Output only the lines from the one holding "this 1536×2048 image." to the end of the data below, please, copied exactly.
BEGIN MATERIALS PROVIDED
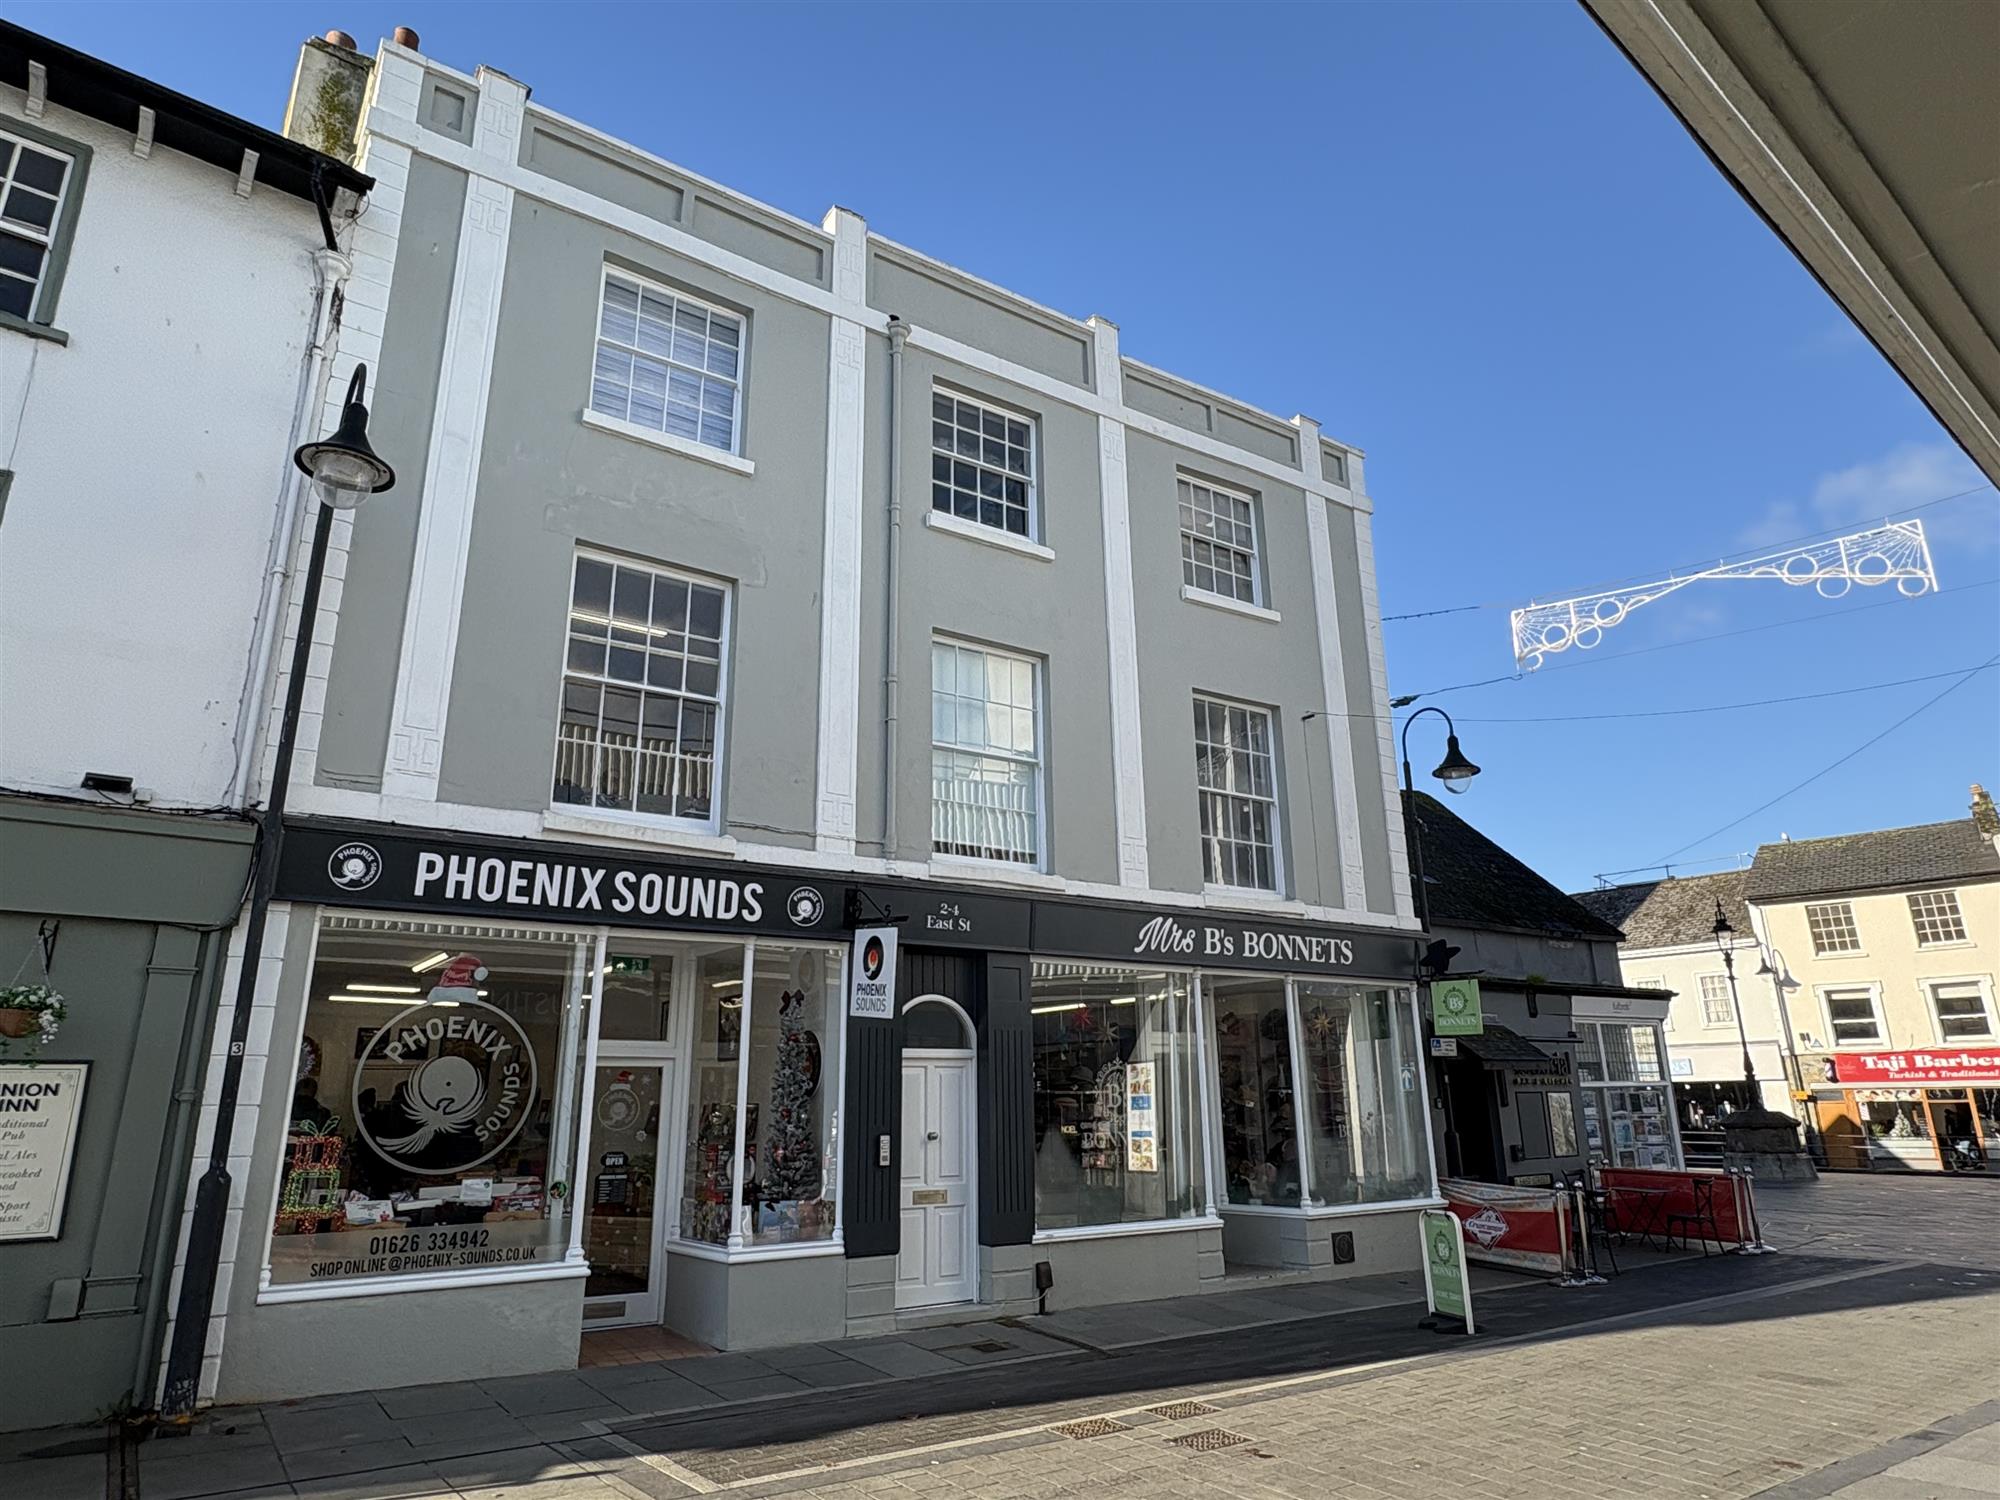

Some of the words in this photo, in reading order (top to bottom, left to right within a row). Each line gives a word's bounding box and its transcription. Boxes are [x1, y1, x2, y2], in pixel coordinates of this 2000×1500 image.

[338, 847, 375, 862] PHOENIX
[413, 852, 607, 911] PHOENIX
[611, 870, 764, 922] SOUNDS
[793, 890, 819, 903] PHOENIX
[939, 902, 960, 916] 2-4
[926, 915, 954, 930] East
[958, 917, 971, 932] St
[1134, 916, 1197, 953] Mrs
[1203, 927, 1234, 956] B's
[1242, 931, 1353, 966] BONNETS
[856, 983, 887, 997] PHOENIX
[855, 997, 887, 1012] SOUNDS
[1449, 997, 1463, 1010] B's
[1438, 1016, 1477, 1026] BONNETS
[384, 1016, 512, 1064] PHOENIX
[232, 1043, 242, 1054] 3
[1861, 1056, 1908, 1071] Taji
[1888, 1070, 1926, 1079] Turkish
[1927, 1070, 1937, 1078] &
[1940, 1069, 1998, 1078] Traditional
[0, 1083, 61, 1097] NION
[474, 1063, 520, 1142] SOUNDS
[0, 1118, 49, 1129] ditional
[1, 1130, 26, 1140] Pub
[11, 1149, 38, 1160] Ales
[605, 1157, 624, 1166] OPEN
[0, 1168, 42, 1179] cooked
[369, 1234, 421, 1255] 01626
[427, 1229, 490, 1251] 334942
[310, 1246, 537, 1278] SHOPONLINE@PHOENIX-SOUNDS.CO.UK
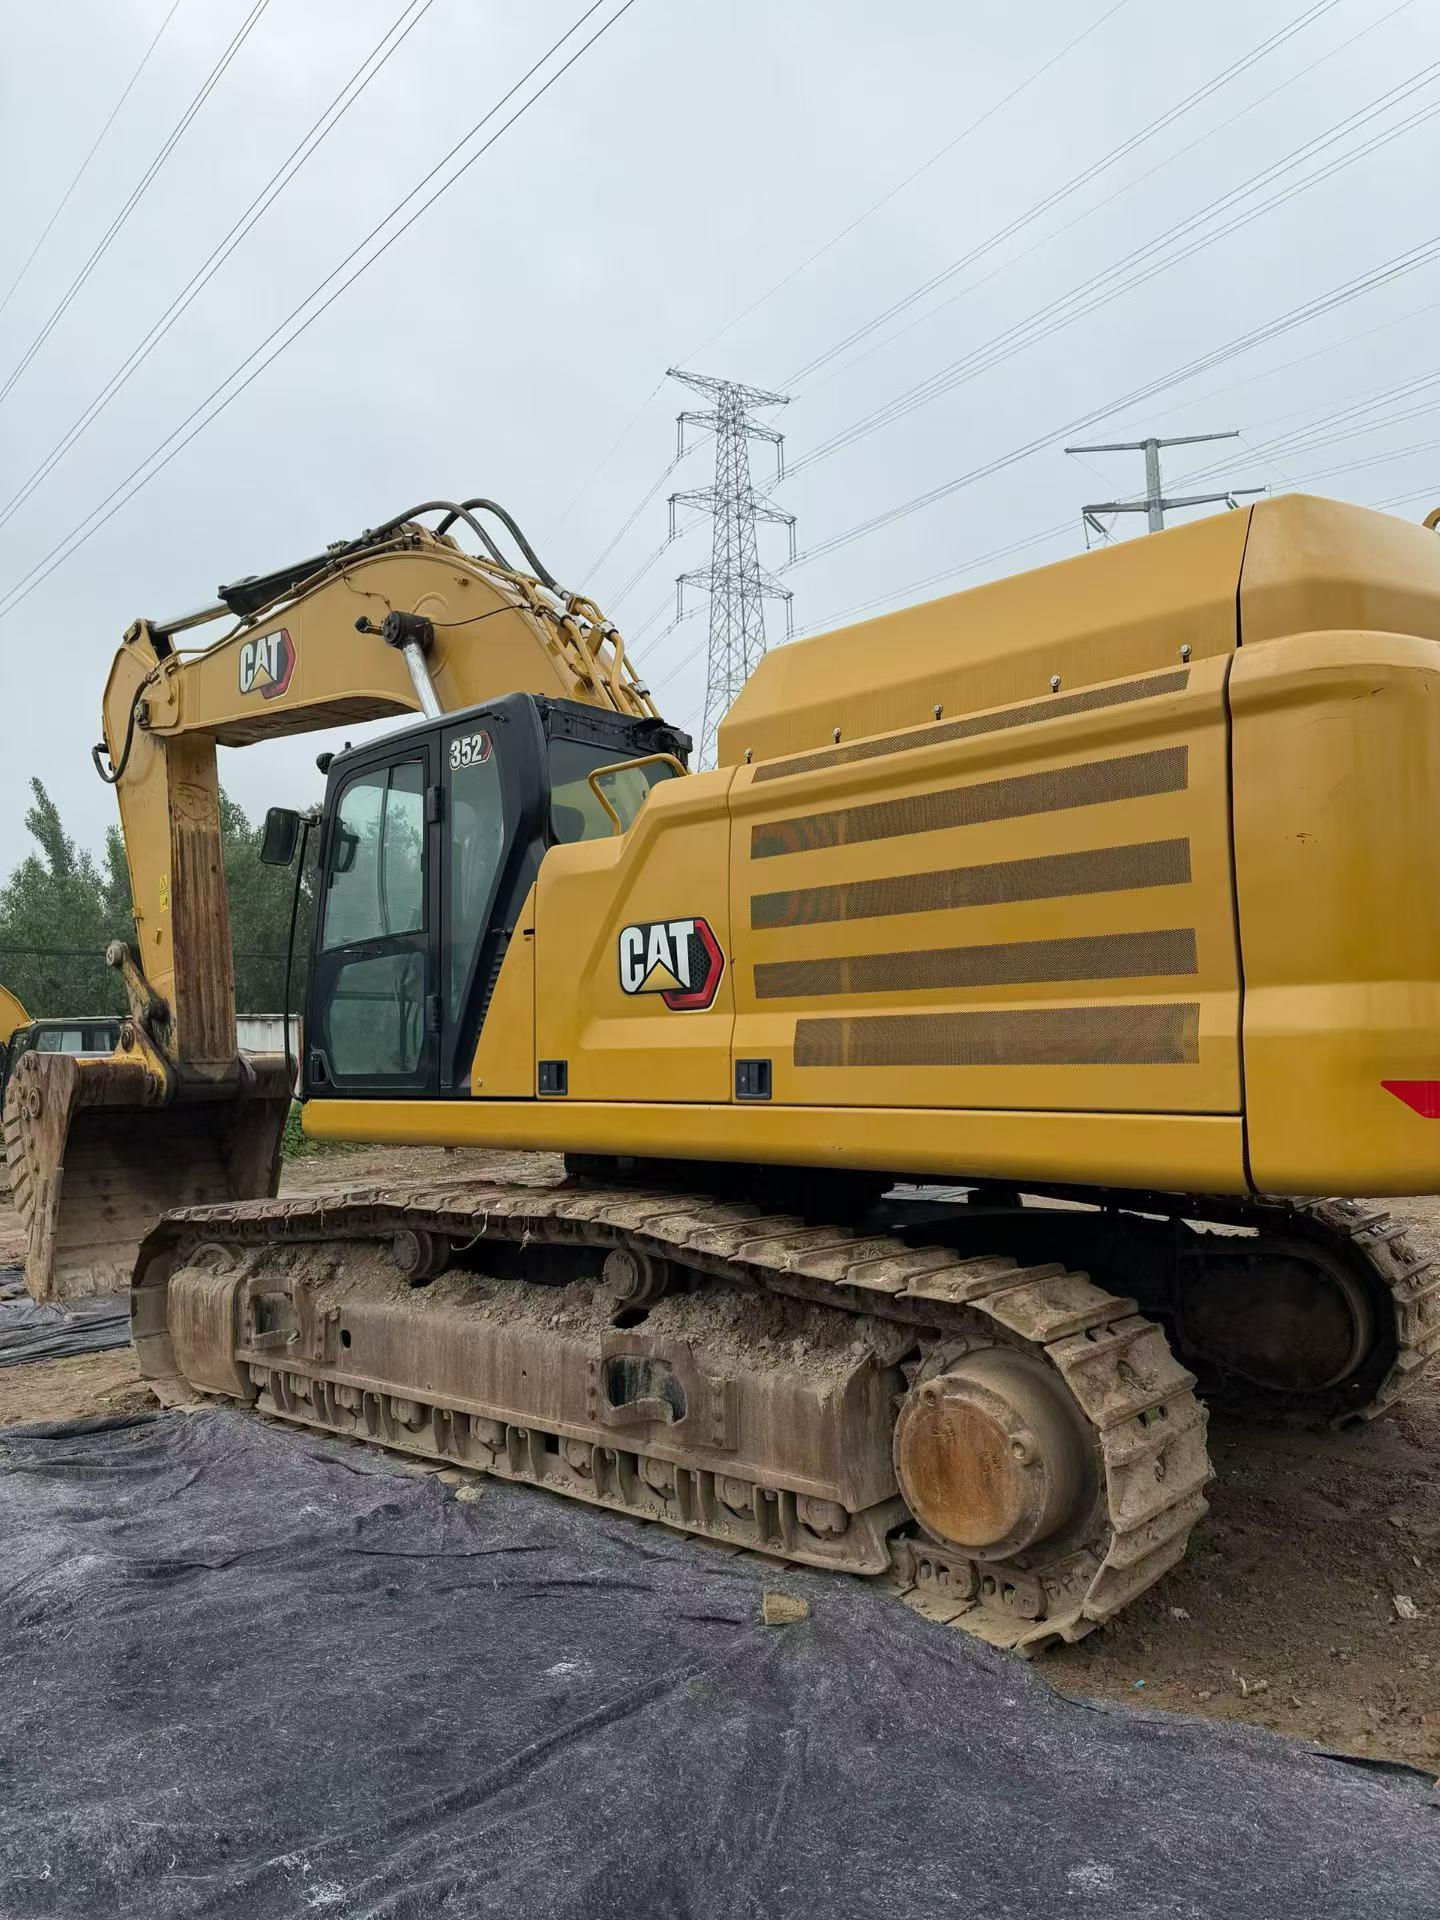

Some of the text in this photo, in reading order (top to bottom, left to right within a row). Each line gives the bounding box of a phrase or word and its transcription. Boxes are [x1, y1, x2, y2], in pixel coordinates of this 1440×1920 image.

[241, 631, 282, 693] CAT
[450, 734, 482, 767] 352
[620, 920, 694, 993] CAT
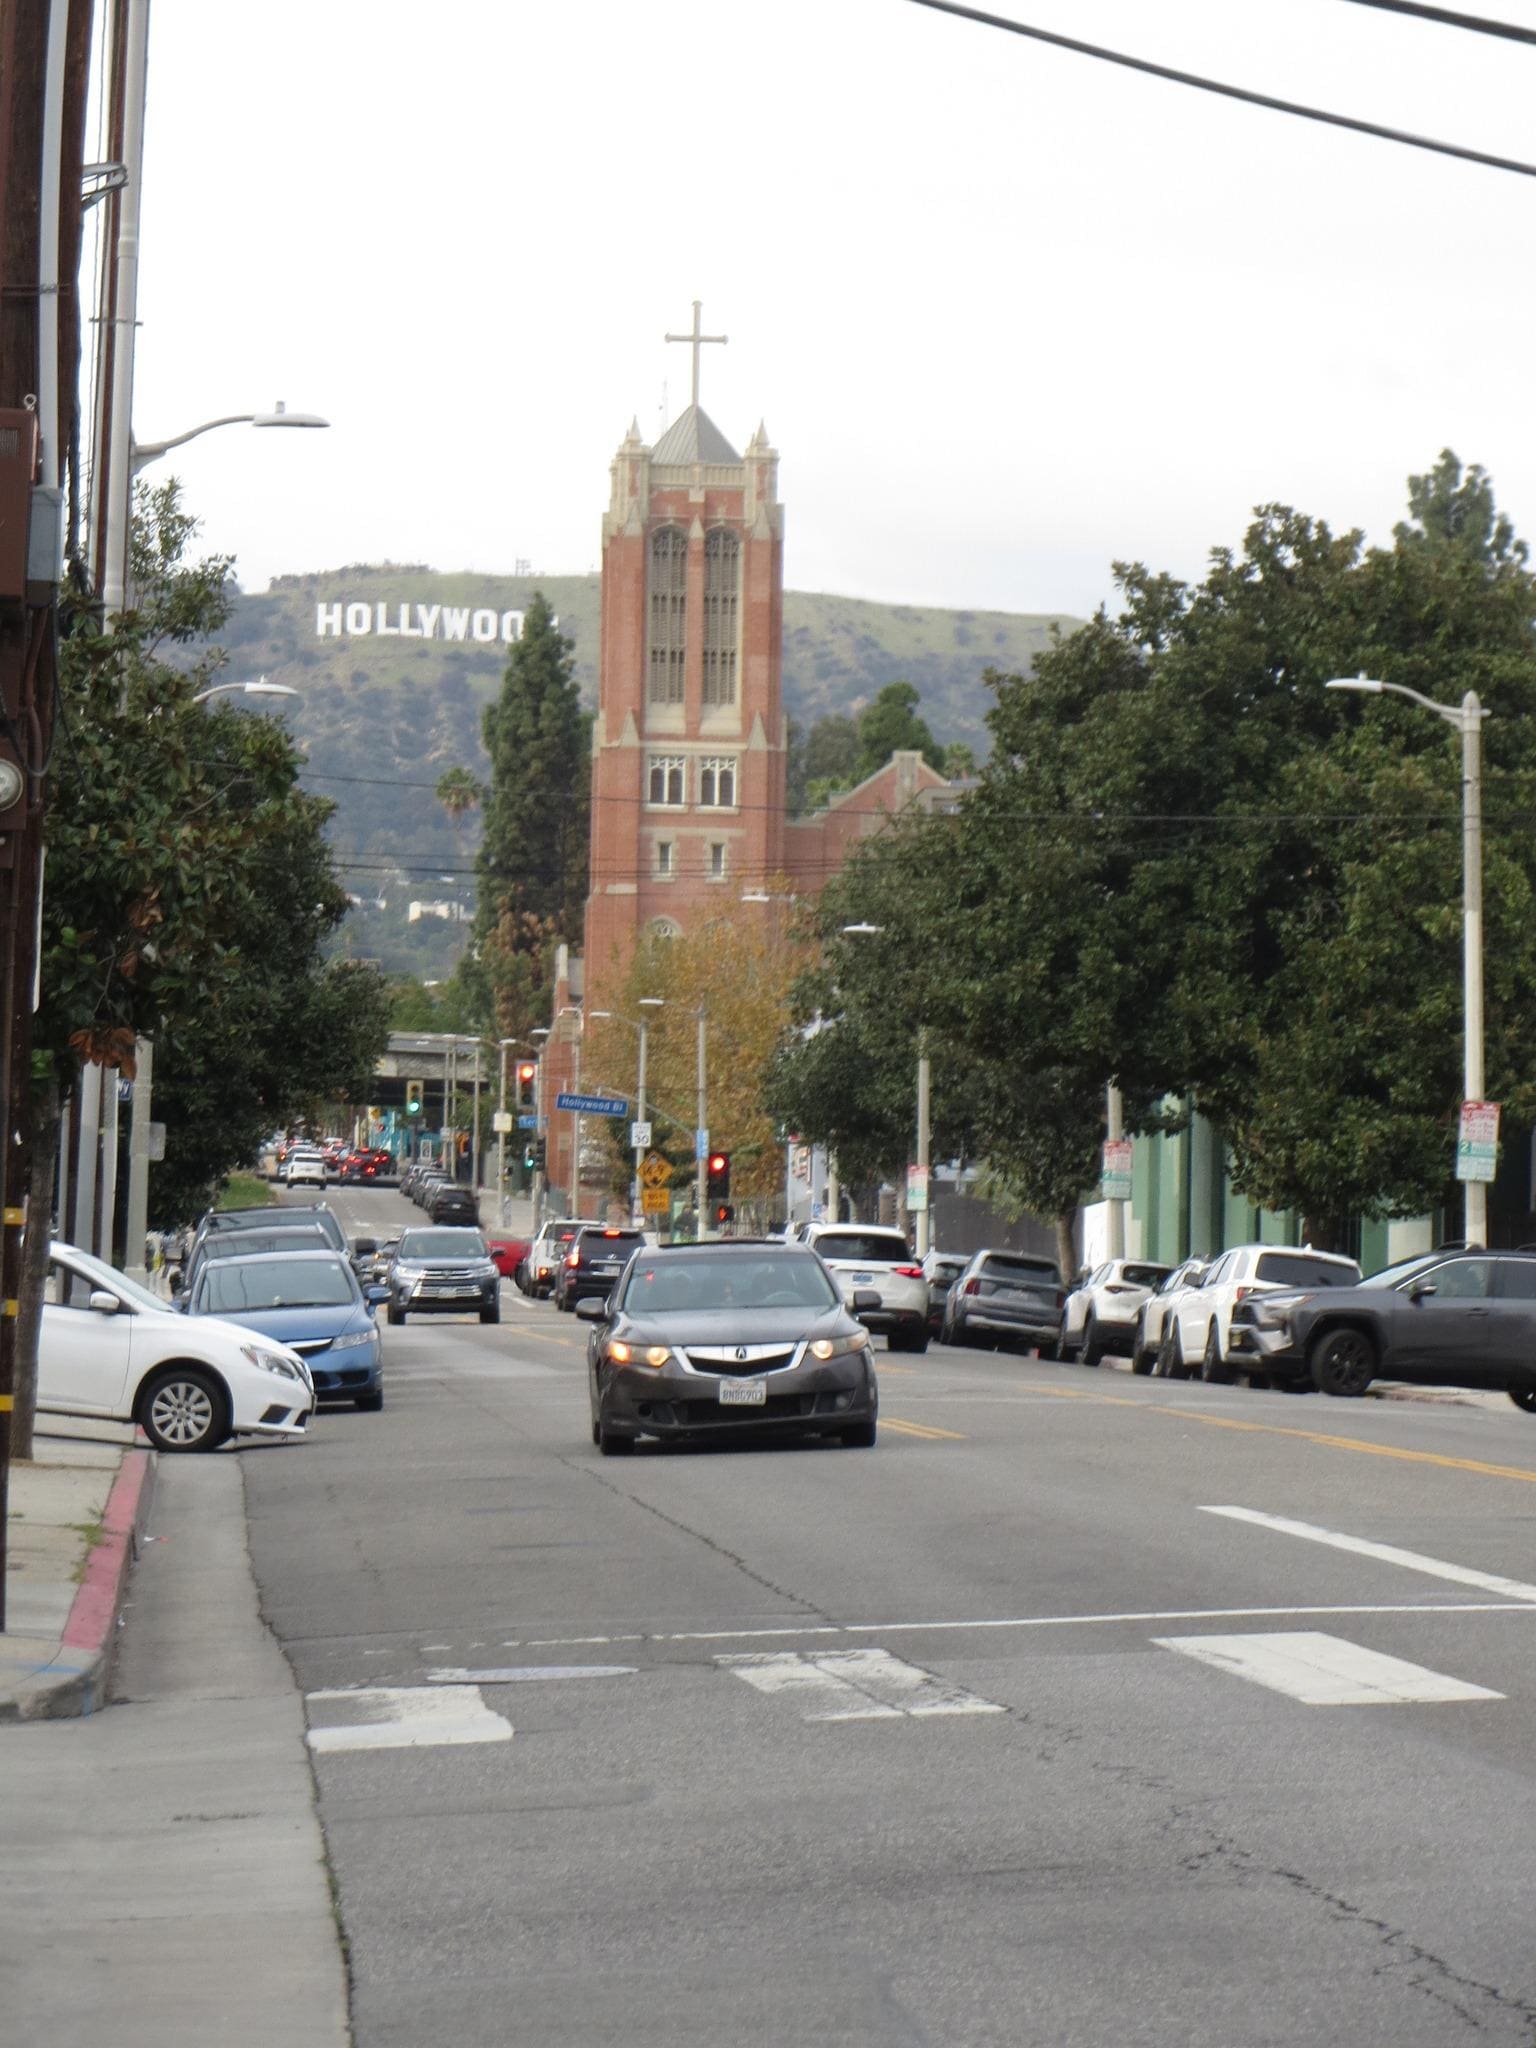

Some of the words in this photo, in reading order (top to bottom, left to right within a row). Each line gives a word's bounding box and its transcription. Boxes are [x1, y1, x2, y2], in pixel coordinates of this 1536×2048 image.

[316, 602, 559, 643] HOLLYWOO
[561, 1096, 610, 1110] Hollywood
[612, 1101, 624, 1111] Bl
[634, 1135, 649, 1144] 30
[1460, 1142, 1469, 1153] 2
END MATERIALS PROVIDED
ANSWER SECTION -
Some of the words in this photo, in reading order (top to bottom, left to right within a row). Each line gives a word's bounding box and its transcription. Boxes are [x1, y1, x2, y2], in pixel coordinates of this 1536×2048 image.

[316, 602, 559, 643] HOLLYWOO
[561, 1096, 610, 1110] Hollywood
[612, 1101, 624, 1111] Bl
[634, 1135, 649, 1144] 30
[1460, 1142, 1469, 1153] 2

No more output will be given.